◆ **ASSIGNMENT**:
Could you print the data that follows exactly as given?

<<<<

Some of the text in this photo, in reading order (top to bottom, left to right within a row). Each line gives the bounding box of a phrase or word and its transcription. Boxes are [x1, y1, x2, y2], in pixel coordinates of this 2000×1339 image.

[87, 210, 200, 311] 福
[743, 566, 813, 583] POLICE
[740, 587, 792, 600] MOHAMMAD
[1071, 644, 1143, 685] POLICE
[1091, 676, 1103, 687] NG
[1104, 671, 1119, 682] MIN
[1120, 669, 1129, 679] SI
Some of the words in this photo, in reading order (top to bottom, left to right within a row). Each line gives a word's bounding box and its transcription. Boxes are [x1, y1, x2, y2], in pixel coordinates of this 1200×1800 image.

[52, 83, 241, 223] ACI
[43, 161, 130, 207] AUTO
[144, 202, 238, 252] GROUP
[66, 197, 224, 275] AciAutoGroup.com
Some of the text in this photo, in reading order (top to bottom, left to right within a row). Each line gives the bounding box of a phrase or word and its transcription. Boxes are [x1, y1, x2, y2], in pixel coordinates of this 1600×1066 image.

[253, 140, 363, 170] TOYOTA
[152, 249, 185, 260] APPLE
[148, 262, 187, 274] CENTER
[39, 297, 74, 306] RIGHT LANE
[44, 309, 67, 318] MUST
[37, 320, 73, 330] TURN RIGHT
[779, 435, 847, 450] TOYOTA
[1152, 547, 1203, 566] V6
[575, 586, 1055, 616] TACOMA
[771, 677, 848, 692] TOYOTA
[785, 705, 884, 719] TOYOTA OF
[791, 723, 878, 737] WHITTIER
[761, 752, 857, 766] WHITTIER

>>>>

◆ **ANSWER TO THIS PROBLEM**:
Some of the text in this photo, in reading order (top to bottom, left to right within a row). Each line gives the bounding box of a phrase or word and its transcription. Boxes are [x1, y1, x2, y2], in pixel coordinates of this 2000×1339 image.

[87, 210, 200, 311] 福
[743, 566, 813, 583] POLICE
[740, 587, 792, 600] MOHAMMAD
[1071, 644, 1143, 685] POLICE
[1091, 676, 1103, 687] NG
[1104, 671, 1119, 682] MIN
[1120, 669, 1129, 679] SI
Some of the words in this photo, in reading order (top to bottom, left to right within a row). Each line gives a word's bounding box and its transcription. Boxes are [x1, y1, x2, y2], in pixel coordinates of this 1200×1800 image.

[52, 83, 241, 223] ACI
[43, 161, 130, 207] AUTO
[144, 202, 238, 252] GROUP
[66, 197, 224, 275] AciAutoGroup.com
Some of the text in this photo, in reading order (top to bottom, left to right within a row). Each line gives the bounding box of a phrase or word and its transcription. Boxes are [x1, y1, x2, y2], in pixel coordinates of this 1600×1066 image.

[253, 140, 363, 170] TOYOTA
[152, 249, 185, 260] APPLE
[148, 262, 187, 274] CENTER
[39, 297, 74, 306] RIGHT LANE
[44, 309, 67, 318] MUST
[37, 320, 73, 330] TURN RIGHT
[779, 435, 847, 450] TOYOTA
[1152, 547, 1203, 566] V6
[575, 586, 1055, 616] TACOMA
[771, 677, 848, 692] TOYOTA
[785, 705, 884, 719] TOYOTA OF
[791, 723, 878, 737] WHITTIER
[761, 752, 857, 766] WHITTIER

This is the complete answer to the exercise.